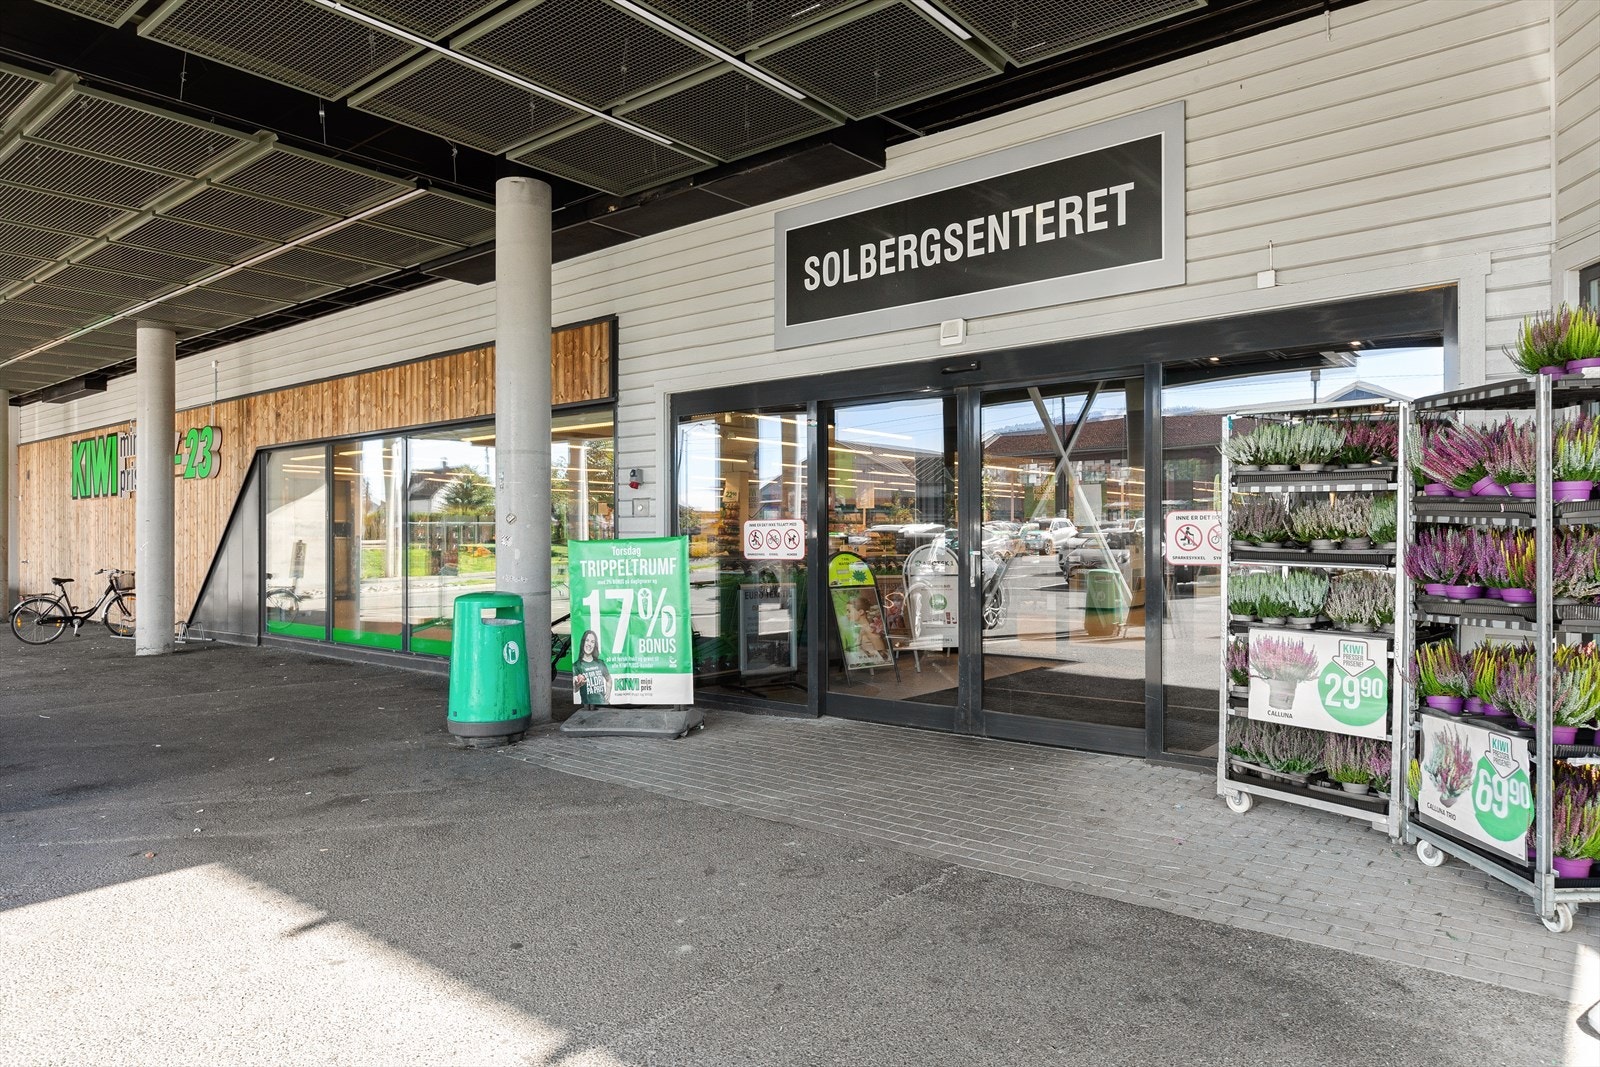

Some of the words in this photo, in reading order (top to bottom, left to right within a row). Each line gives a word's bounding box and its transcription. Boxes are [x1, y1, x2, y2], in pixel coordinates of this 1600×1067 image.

[804, 181, 1135, 291] SOLBERGSENTERET
[119, 427, 137, 458] mi
[174, 425, 214, 480] -23
[71, 434, 118, 499] KIWI
[611, 545, 642, 556] Torsdag
[580, 557, 677, 578] TRIPPELTRUMF
[582, 587, 677, 654] 17%
[639, 637, 677, 654] BONUS
[1343, 643, 1364, 654] KIWI
[1343, 653, 1364, 661] PRESSER
[614, 677, 640, 691] KIWI
[641, 684, 652, 692] pris
[1267, 709, 1293, 719] CALLUNA
[1492, 737, 1509, 753] KIWI
[1426, 801, 1447, 816] CALLUNA
[1446, 810, 1457, 821] TRIO
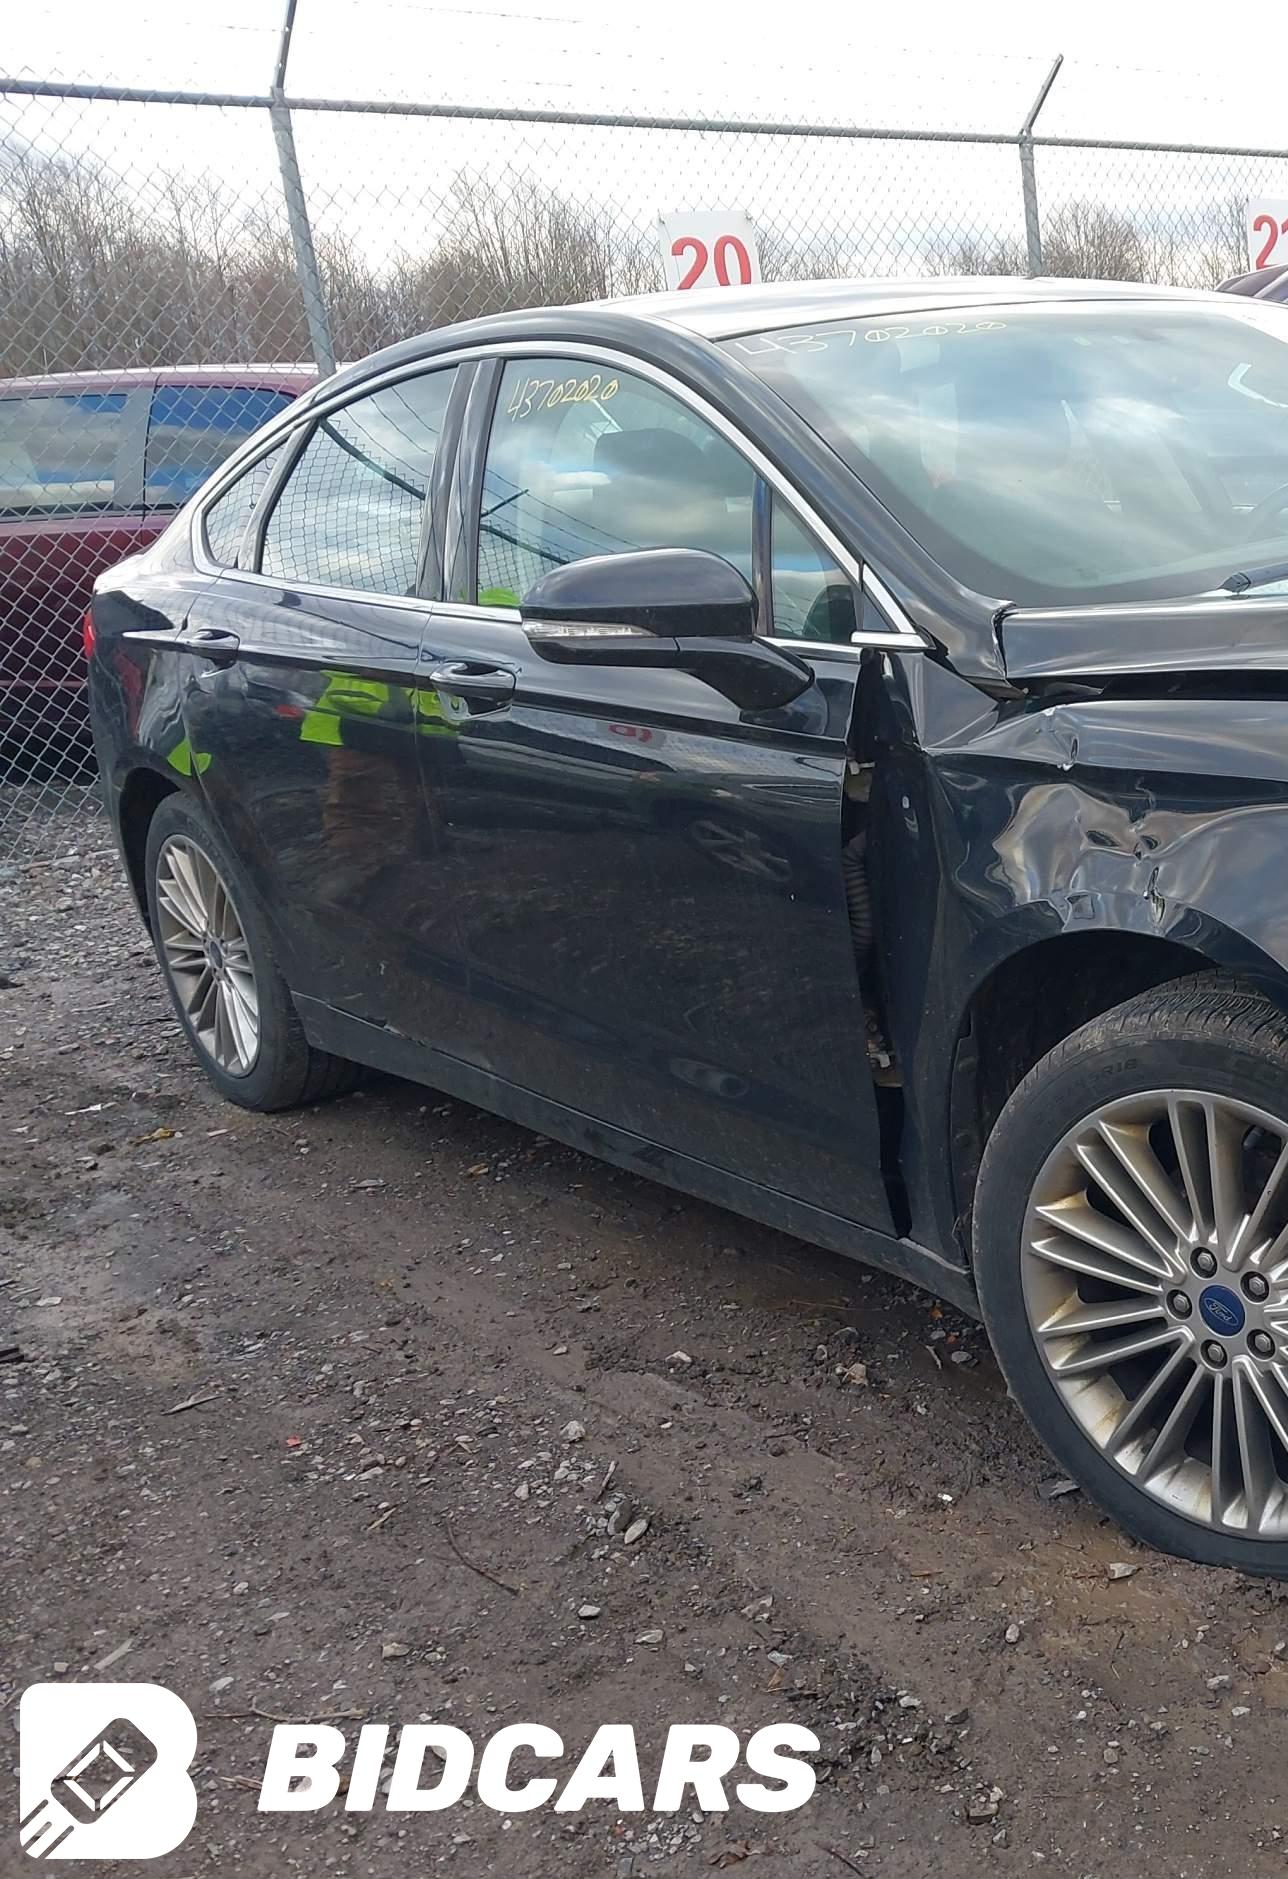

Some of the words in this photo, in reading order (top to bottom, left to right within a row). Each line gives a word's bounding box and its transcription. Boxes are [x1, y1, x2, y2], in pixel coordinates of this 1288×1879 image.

[671, 235, 752, 291] 20
[734, 320, 1007, 355] 43702020
[507, 374, 619, 422] 43702020

§ §

#### What the task requires
Your task is to transcribe exactly the lines from the one with "this 1288×1879 image." through the end of the data, both included, and nothing besides.

#### Problem solution
Some of the words in this photo, in reading order (top to bottom, left to right within a row). Each line gives a word's bounding box and its transcription. Boxes are [x1, y1, x2, y2], in pixel coordinates of this 1288×1879 image.

[671, 235, 752, 291] 20
[734, 320, 1007, 355] 43702020
[507, 374, 619, 422] 43702020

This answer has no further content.